The obligatory poorly lit trophy case, the hallway, which didn’t seem to cast much but shadows, and the omnipresent posters about keeping secrets, set the ambience for a stroll down the headquarters hallway. The hallway was lined with doors leading to several “shops” such as personnel (S-1), Intelligence (S-2), Operations (S-3), and Logistics (S-4). Each shop had its own flavor and identity with its own set of irreverent posters meant to drive home specific points.
On the door of the S-3 shop was a picture of John Wayne from one his WWII USMC movies. He is standing with his hands on his hips saying, “Life is tough. It’s tougher if you’re stupid.”
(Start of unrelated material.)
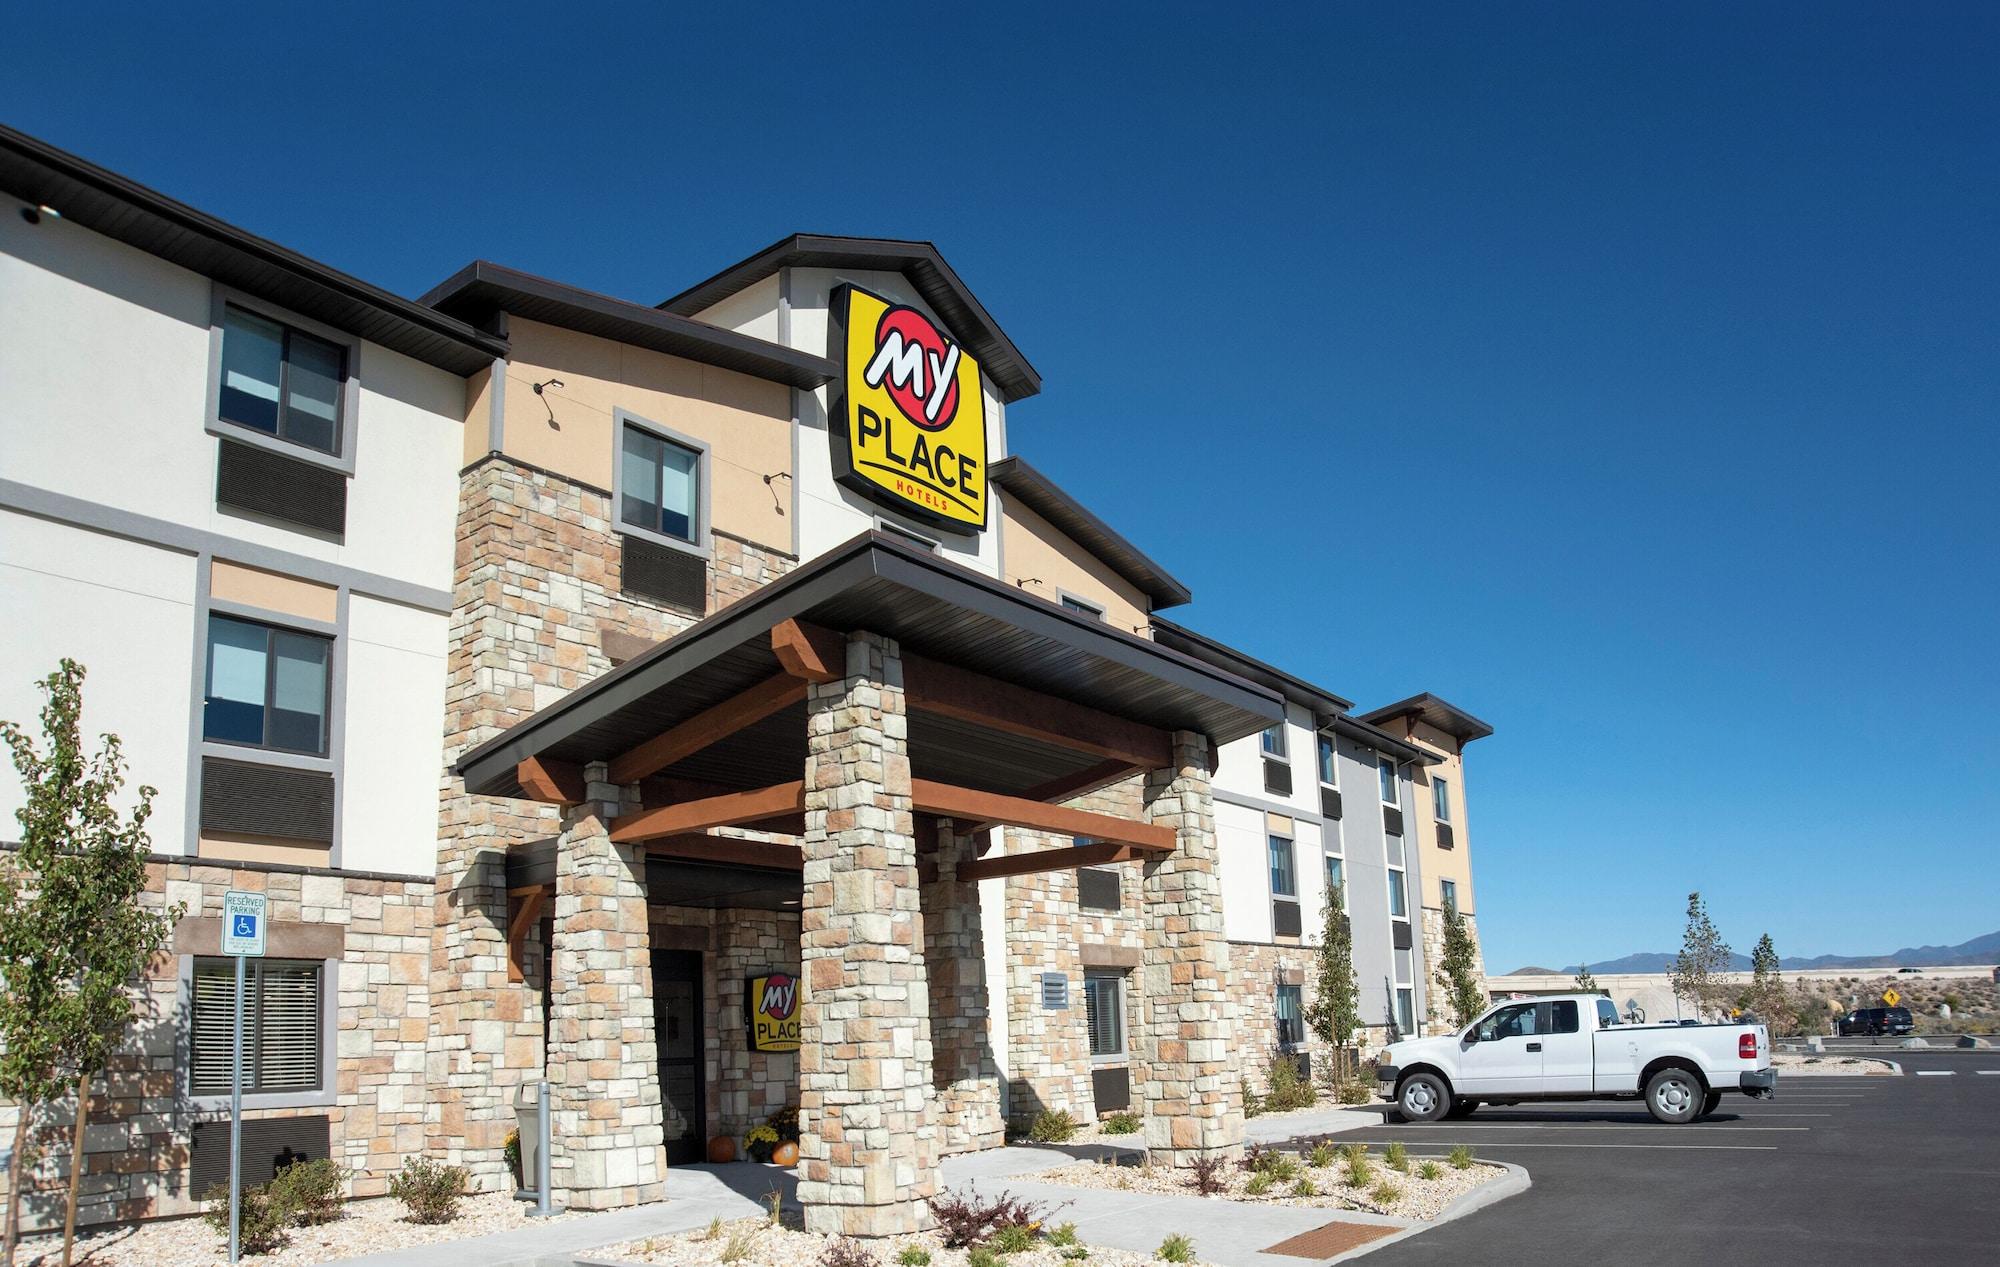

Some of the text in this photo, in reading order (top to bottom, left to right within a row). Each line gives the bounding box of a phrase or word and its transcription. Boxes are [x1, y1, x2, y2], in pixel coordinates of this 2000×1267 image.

Truer words have never been spoken; especially it seems when you are digging around trying to figure out how to access cancer information, for a small population such as Burkitt’s patients. Jeepers!!
I spent a several hours yesterday trying to track down how decisions are made about chemotherapy dosages and midcourse corrections if needed. The thing is there really is not – as far as I can tell – any place that advises a patient or doctor what to expect or adjust in the way treatment based on a specific set of criteria encountered as they move through a cycle. For example, should dosages be changed based on success or failure of current regimen? How does a chemo regimen exploit success and not reinforce failure?
The thing I am coming to realize is Cancer is Complicated and there is more we don’t know, than do. Slowing growing cancers can have more treatment options than highly aggressive ones because well … there’s more time to adjust. But for cancer like mine, which is highly aggressive, there is little time to adjust and experiment during the treatment phase because every day has a specific task that must be accomplished based on research done at clinical trials. This pushes both doctor and patient to accept risk and at times, hope that results at the end of treatment will mirror the results at clinical trials.
I am discovering that for my cancer there is very little wiggle room as far treatment goes. There is a 95%+ cure rate when adult males go through the entire course of eight blocks of treatment, but there seems to be no available data if the course is abandoned a block or two early. The point is, regardless of how well a patient may do in the middle rounds there is no way to determine whether that success will carry over to a successful end state – That upsets me.
I was hoping that good early results would mean an earlier finish, but the cause and effect I want may not exist. Oh well!